Jews are lucky. They get two New Year’s observances. And two chances to make New Year’s resolutions. Unfortunately, they also get two chances to break those resolutions. But all in all, it’s a pretty good deal, don’t you agree? Two opportunities each year to pause, reflect and embrace new beginnings.
I, for one, take the notion of resolutions very seriously. I may not be all that good at sticking to them, but I am very intent on thinking about them, writing them down and trying to fulfill them.
January 1st resolutions, secular pledges, are generally filled with vows of self-improvement. I, like many people, make healthful resolutions. To lose weight. (Do people ever resolve to gain weight?) To eat better. To exercise more.
I also make “intellectual” resolutions. To improve my mind. To read more. Watch less TV. (Mid-pandemic, this one’s harder than ever to fulfill. But still, I’ll try.) Some people, even without a pandemic to spur them on, resolve to develop a new skill, learn a foreign language, take up a new hobby.
There are “I want to be more productive” resolutions. In my case, I had plans in 2020 to begin writing a biography of a dear friend. Through no fault of his or mine, our plans collapsed. I had structured a lot of energy, time, and emotion, into this plan and I haven’t quite recovered from the disappointment that we cannot go forward. I’m struggling to devise a Plan B “Big Project.” So this category of resolution is particularly important for me in the new year, but I’m not “there” yet.
I also always make “I want to be a better person” kind of resolutions. This category is good for Jan. 1 but also is relevant for Jews when the High Holidays arrive.
Indeed, I revisit it with special zeal throughout the Days of Awe.
As I age, I’m increasingly grateful to have two chances to focus — and refocus — on my need for moral betterment. At 66, I confess I’m stuck in some bad habits and need all the reminders I can get not to speak lashon hara, not to be impatient, to practice kindness and, in all ways, to be a better, more charitable person.
As Jews, we know that our traditions of making amends and vowing to improve ourselves annually during the High Holidays harken to Biblical strictures, but I was curious about non-Jewish customs and did a little research.

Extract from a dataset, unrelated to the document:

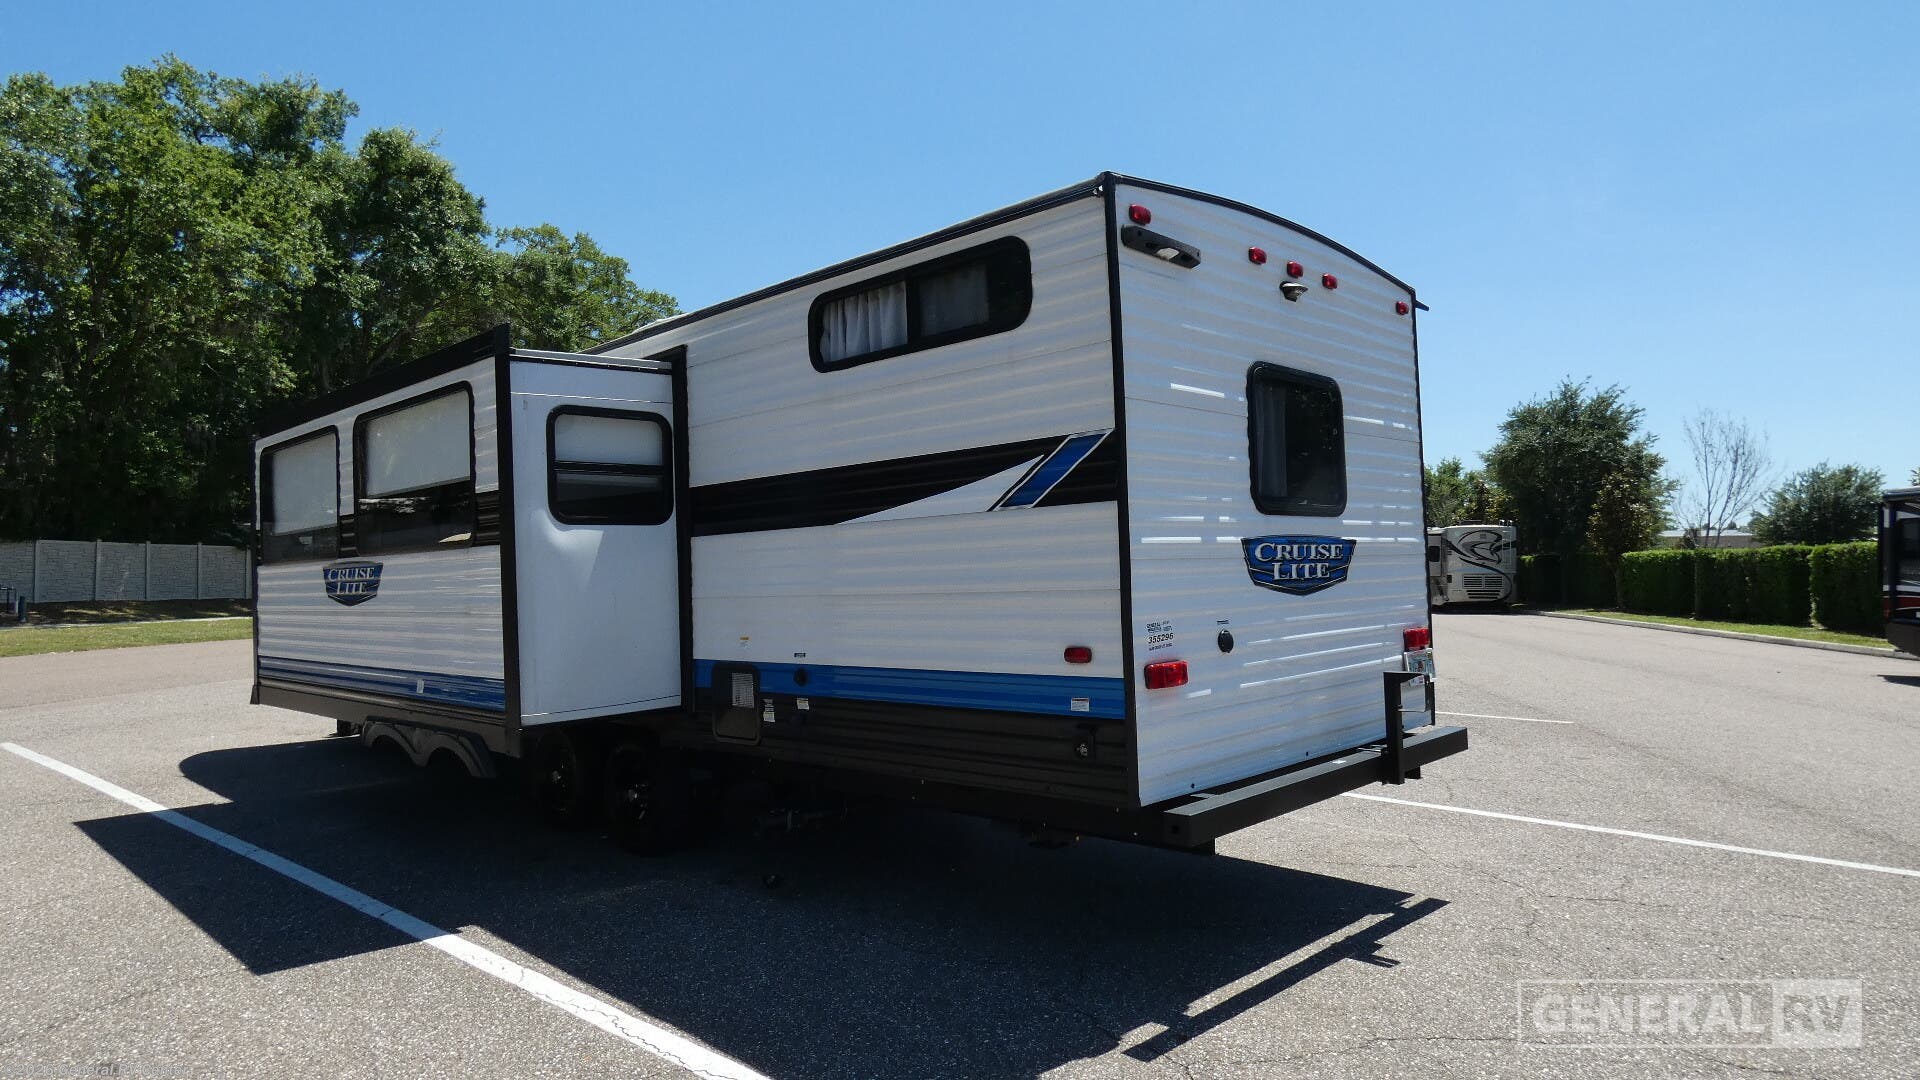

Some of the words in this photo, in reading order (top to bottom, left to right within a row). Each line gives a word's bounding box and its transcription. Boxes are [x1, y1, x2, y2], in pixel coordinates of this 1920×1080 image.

[1254, 542, 1344, 562] CRUISE
[328, 567, 375, 582] CRUISE
[1272, 562, 1331, 580] LITE
[336, 582, 368, 595] LITE

Historians say ancient Babylonians made New Year’s resolutions 4,000 years ago as part of a mid-March religious festival tied to the planting of crops. During their 12-day observance of Akitu, they crowned new kings or reaffirmed loyalty to the current king, pledged obedience to their gods, repay debts and returned borrowed objects. And in return, these ancient people hoped their gods would bestow favor on them for the coming year.
In ancient Rome, a similar practice evolved after Emperor Julius Caesar established Jan. 1 as the start of the year (circa 45 BCE). Believing that the god Janus symbolically looked back into the previous year and ahead into the future, the Romans offered sacrifices and made promises of good conduct for the coming year.
For early Christians, the first day of the new year became the solemn occasion to contemplate past mistakes and resolve to do better in the future. And although modern celebrations are more a time for revelry, many people do still pause and reflect.
Yet statistics show that while as many as 45 percent of Americans make New Year’s resolutions, only 8 percent accomplish them!
I don’t know why good habits are so hard to establish. I’m obviously no psychologist or successful resolution-achiever! That’s why I’m so grateful that I get two chances each year to pause, reflect and renew my vows to be a better person.
As for the Jewish people, I still say we’re the lucky ones, observing two New Year’s occasions to commit ourselves to working on personal improvement goals and, more broadly, on the continuation of tikkun olam.
Happy New Year. Good health to all. Vaccines are coming.